__PROBLEM DETAILS__. The listing below should be printed exactly, though its pictures must not be.

__MATERIAL FOR THE TASK__.
####
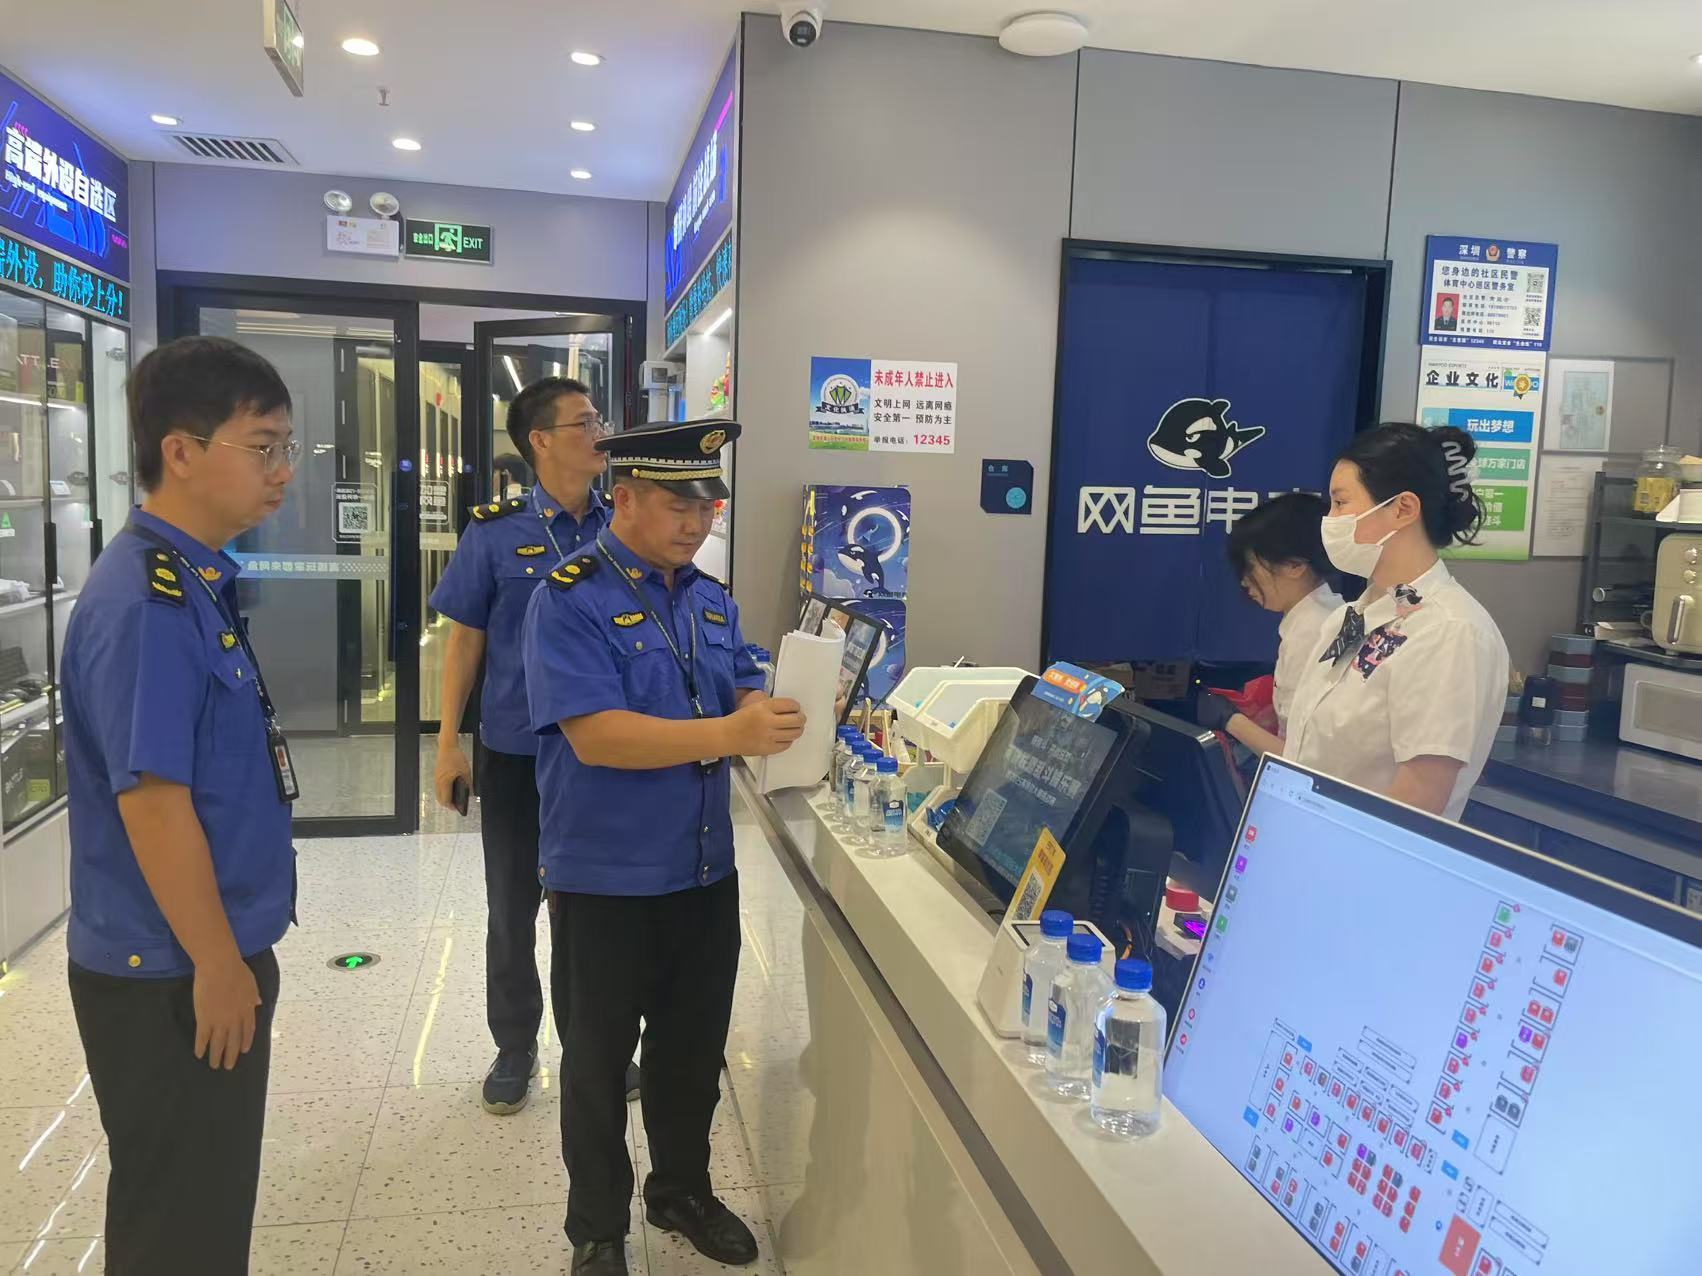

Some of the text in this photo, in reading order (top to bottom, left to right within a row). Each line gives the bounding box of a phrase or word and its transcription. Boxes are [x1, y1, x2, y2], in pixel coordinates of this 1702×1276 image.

[5, 126, 117, 222] 高端外设自选区
[463, 237, 483, 250] EXIT
[1506, 247, 1527, 260] 警察
[1441, 265, 1518, 281] 您身边的社区民警
[874, 369, 954, 389] 未成年人禁止进入
[1425, 369, 1499, 389] 企业文化
[873, 398, 952, 411] 文明上网 远离网瘾
[873, 412, 952, 425] 安全第一 预防为主
[1466, 418, 1515, 434] 玩出梦想
[913, 434, 951, 446] 12345
####
__RESPONSE TO THE TASK__.
Some of the text in this photo, in reading order (top to bottom, left to right within a row). Each line gives the bounding box of a phrase or word and its transcription. Boxes are [x1, y1, x2, y2], in pixel coordinates of this 1702×1276 image.

[5, 126, 117, 222] 高端外设自选区
[463, 237, 483, 250] EXIT
[1506, 247, 1527, 260] 警察
[1441, 265, 1518, 281] 您身边的社区民警
[874, 369, 954, 389] 未成年人禁止进入
[1425, 369, 1499, 389] 企业文化
[873, 398, 952, 411] 文明上网 远离网瘾
[873, 412, 952, 425] 安全第一 预防为主
[1466, 418, 1515, 434] 玩出梦想
[913, 434, 951, 446] 12345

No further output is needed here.